### [Required action]
Output all entries precisely and leave out the pictures.

[Record set — start]

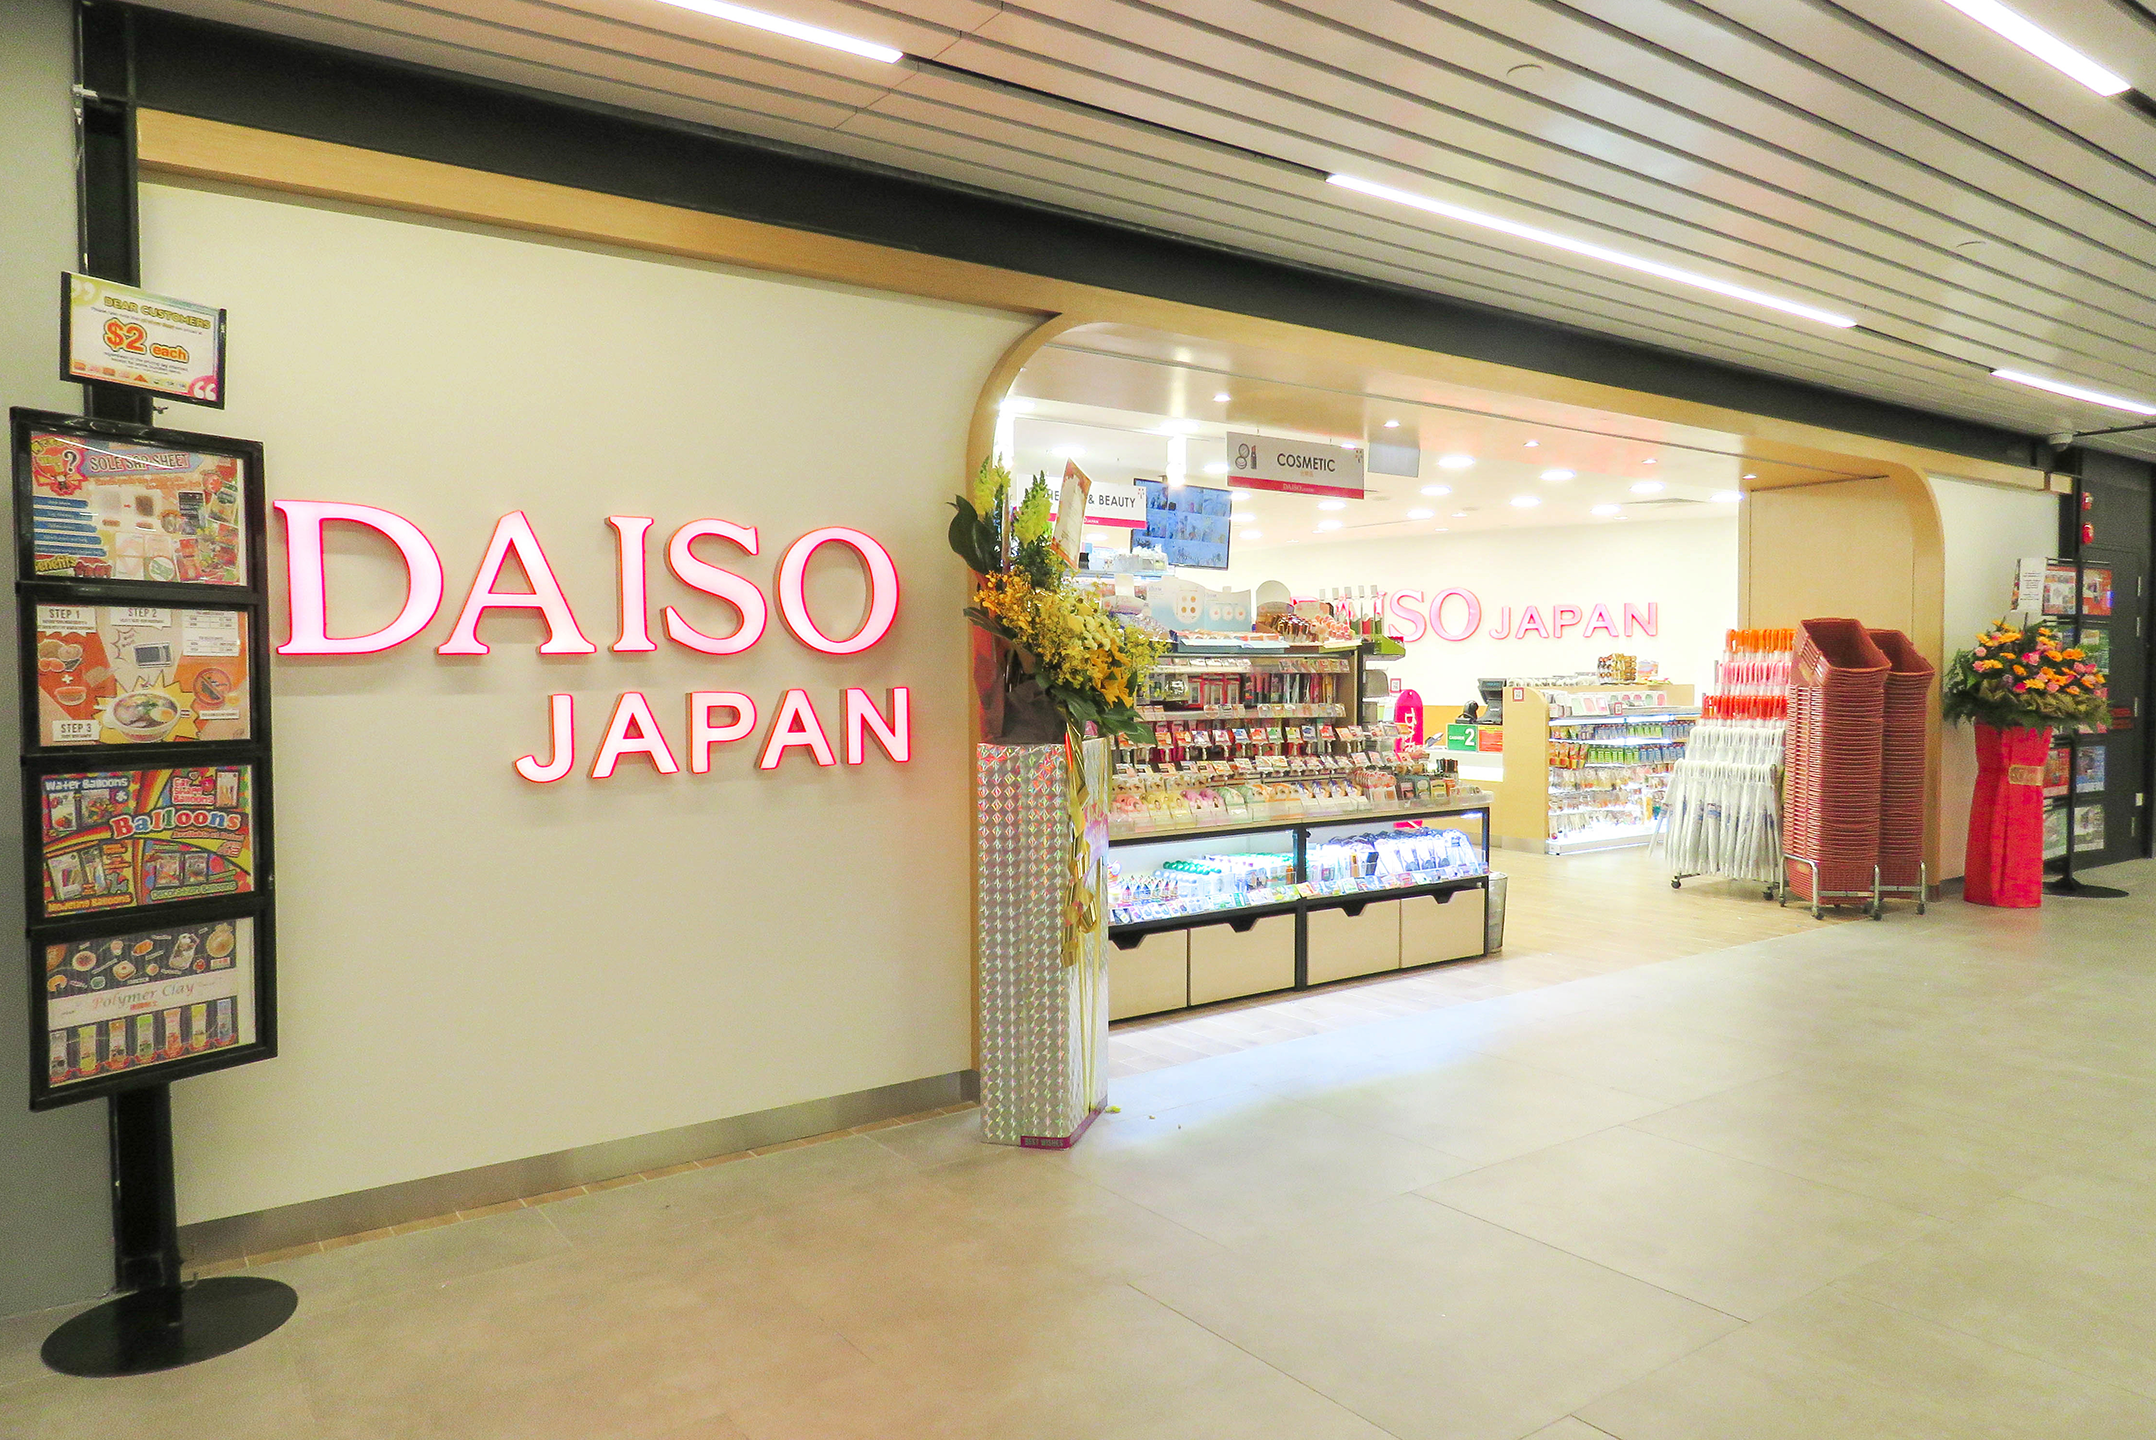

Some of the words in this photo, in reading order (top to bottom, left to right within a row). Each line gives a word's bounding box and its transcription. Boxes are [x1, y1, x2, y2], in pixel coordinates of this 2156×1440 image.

[104, 296, 138, 313] DEAR
[140, 305, 211, 329] CUSTOMERS
[105, 319, 146, 352] $2
[151, 344, 187, 362] each
[90, 455, 122, 471] SOLE
[152, 453, 189, 467] SHEET
[1277, 453, 1336, 473] COSMETIC
[1088, 494, 1095, 505] &
[1098, 494, 1136, 508] BEAUTY
[272, 499, 900, 656] DAISO
[49, 609, 72, 619] STEP
[76, 610, 80, 619] 1
[128, 607, 150, 618] STEP
[152, 608, 157, 618] 2
[1489, 602, 1658, 640] JAPAN
[61, 723, 83, 733] STEP
[86, 723, 92, 733] 3
[513, 686, 911, 784] JAPAN
[1465, 728, 1475, 746] 2
[45, 779, 80, 791] Water
[82, 776, 128, 789] Balloons
[110, 808, 242, 839] Balloons
[92, 988, 157, 1007] Polymer
[162, 981, 195, 997] Clay

[Record set — finish]

### [Solution]
Some of the words in this photo, in reading order (top to bottom, left to right within a row). Each line gives a word's bounding box and its transcription. Boxes are [x1, y1, x2, y2], in pixel coordinates of this 2156×1440 image.

[104, 296, 138, 313] DEAR
[140, 305, 211, 329] CUSTOMERS
[105, 319, 146, 352] $2
[151, 344, 187, 362] each
[90, 455, 122, 471] SOLE
[152, 453, 189, 467] SHEET
[1277, 453, 1336, 473] COSMETIC
[1088, 494, 1095, 505] &
[1098, 494, 1136, 508] BEAUTY
[272, 499, 900, 656] DAISO
[49, 609, 72, 619] STEP
[76, 610, 80, 619] 1
[128, 607, 150, 618] STEP
[152, 608, 157, 618] 2
[1489, 602, 1658, 640] JAPAN
[61, 723, 83, 733] STEP
[86, 723, 92, 733] 3
[513, 686, 911, 784] JAPAN
[1465, 728, 1475, 746] 2
[45, 779, 80, 791] Water
[82, 776, 128, 789] Balloons
[110, 808, 242, 839] Balloons
[92, 988, 157, 1007] Polymer
[162, 981, 195, 997] Clay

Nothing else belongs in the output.